Last month federal legislation was proposed to tighten the screws on unsavory practices in this industry. It pointed out that while costs vary, ”a company might charge up to 20 percent of the total debt. Fees are usually demanded upfront, even though a settlement may never be secured.”
Why pay someone to do what you can do for yourself?
As we have pointed out, along with consumer advocacy groups, debtors can always negotiate directly with lenders. The marketing employed by for-profit debt settlement companies has been effective in persuading people that they can’t advocate for themselves with creditors — a crying shame. One reason may be that most for-profit debt settlement companies are actually controlled by a credit card company! Further, the arbitration process used to control disputes over debts may be tainted.
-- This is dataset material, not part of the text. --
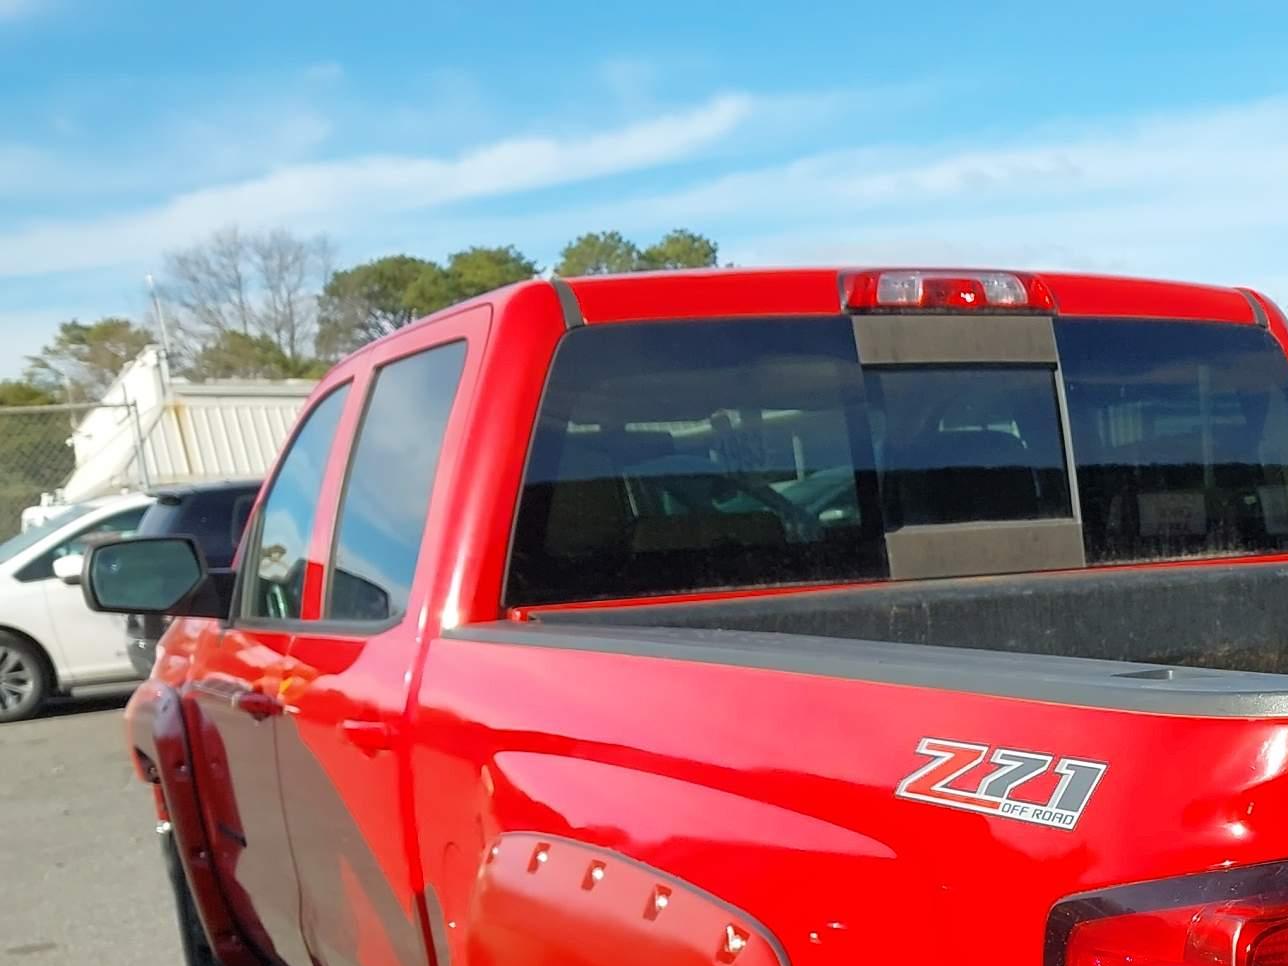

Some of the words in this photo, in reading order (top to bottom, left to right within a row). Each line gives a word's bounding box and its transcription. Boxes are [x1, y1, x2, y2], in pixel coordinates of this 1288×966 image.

[896, 737, 1107, 815] Z71
[1001, 801, 1028, 816] OFF
[1031, 808, 1075, 826] ROAD
Under the proposed law, “consumers would have the right to cancel a debt settlement contract and get a full refund. The legislation would provide for enforcement through state attorneys general and the Federal Trade Commission. The federal agency also would be given authority to regulate the industry’s advertising and marketing practices.”
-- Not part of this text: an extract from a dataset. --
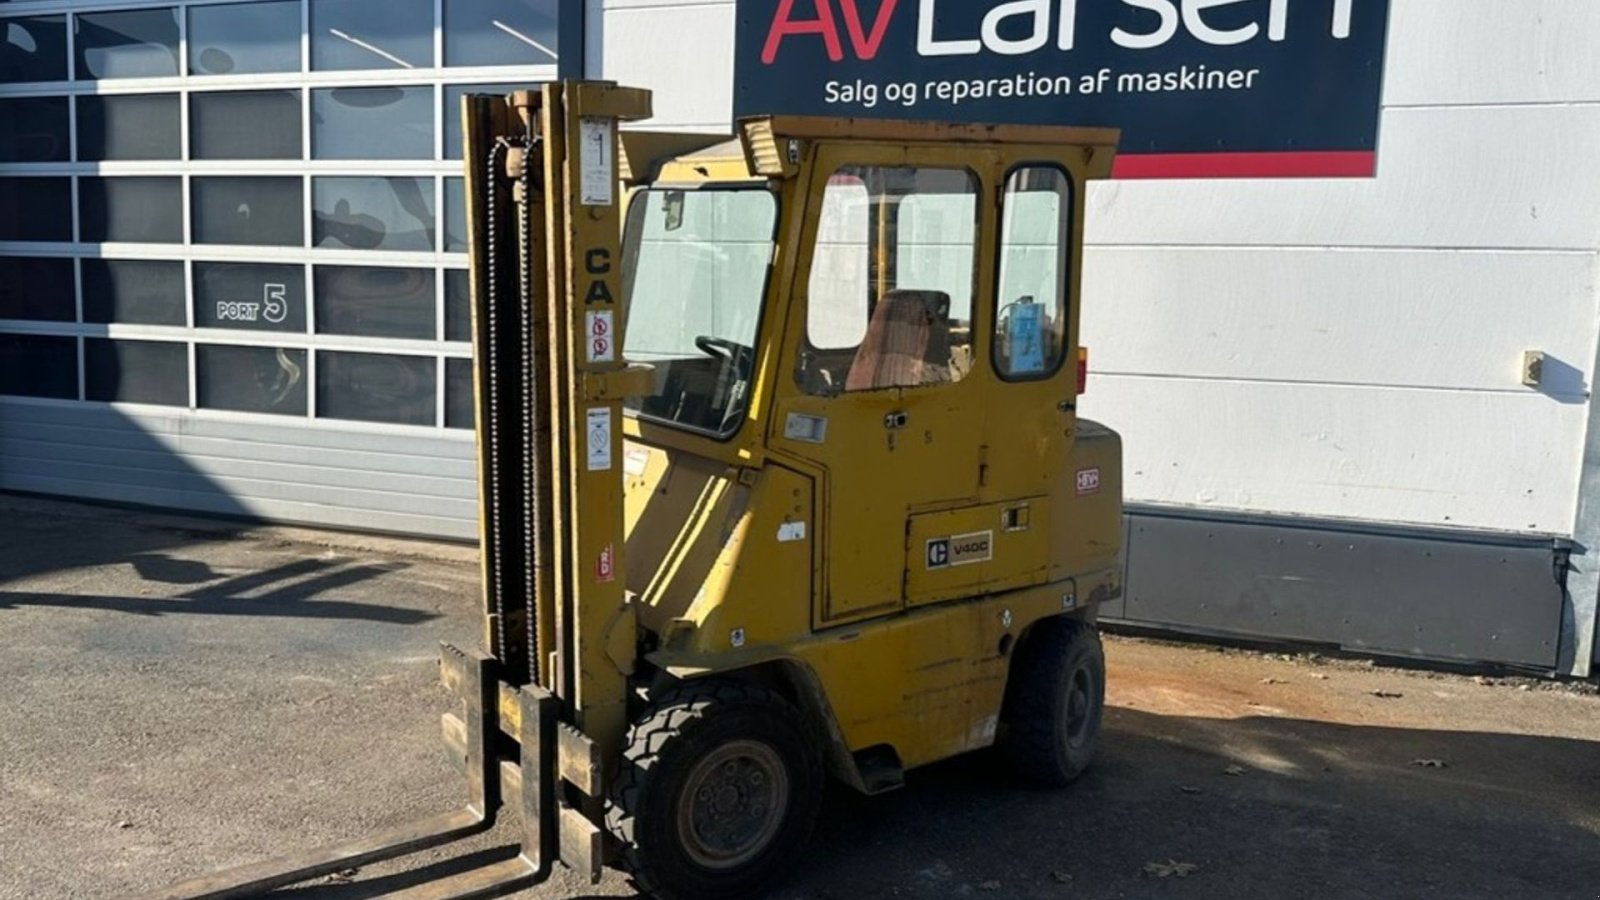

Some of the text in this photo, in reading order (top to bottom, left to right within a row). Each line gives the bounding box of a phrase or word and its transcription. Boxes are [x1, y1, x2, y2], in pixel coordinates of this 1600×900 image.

[824, 64, 1259, 108] Salg og reparation af maskiner
[216, 283, 288, 323] PORT 5
While you can negotiate with your creditors to settle your debts for less than full value, without representation by either an attorney or a debt settlement agent, considering settlement of any debt for less than value is a signal that a bankruptcy consultation may be appropriate. An experienced bankruptcy attorney can review your assets, income, and liabilties, in light of your particular circumstances, can then lay out options for dealing with your financial concerns.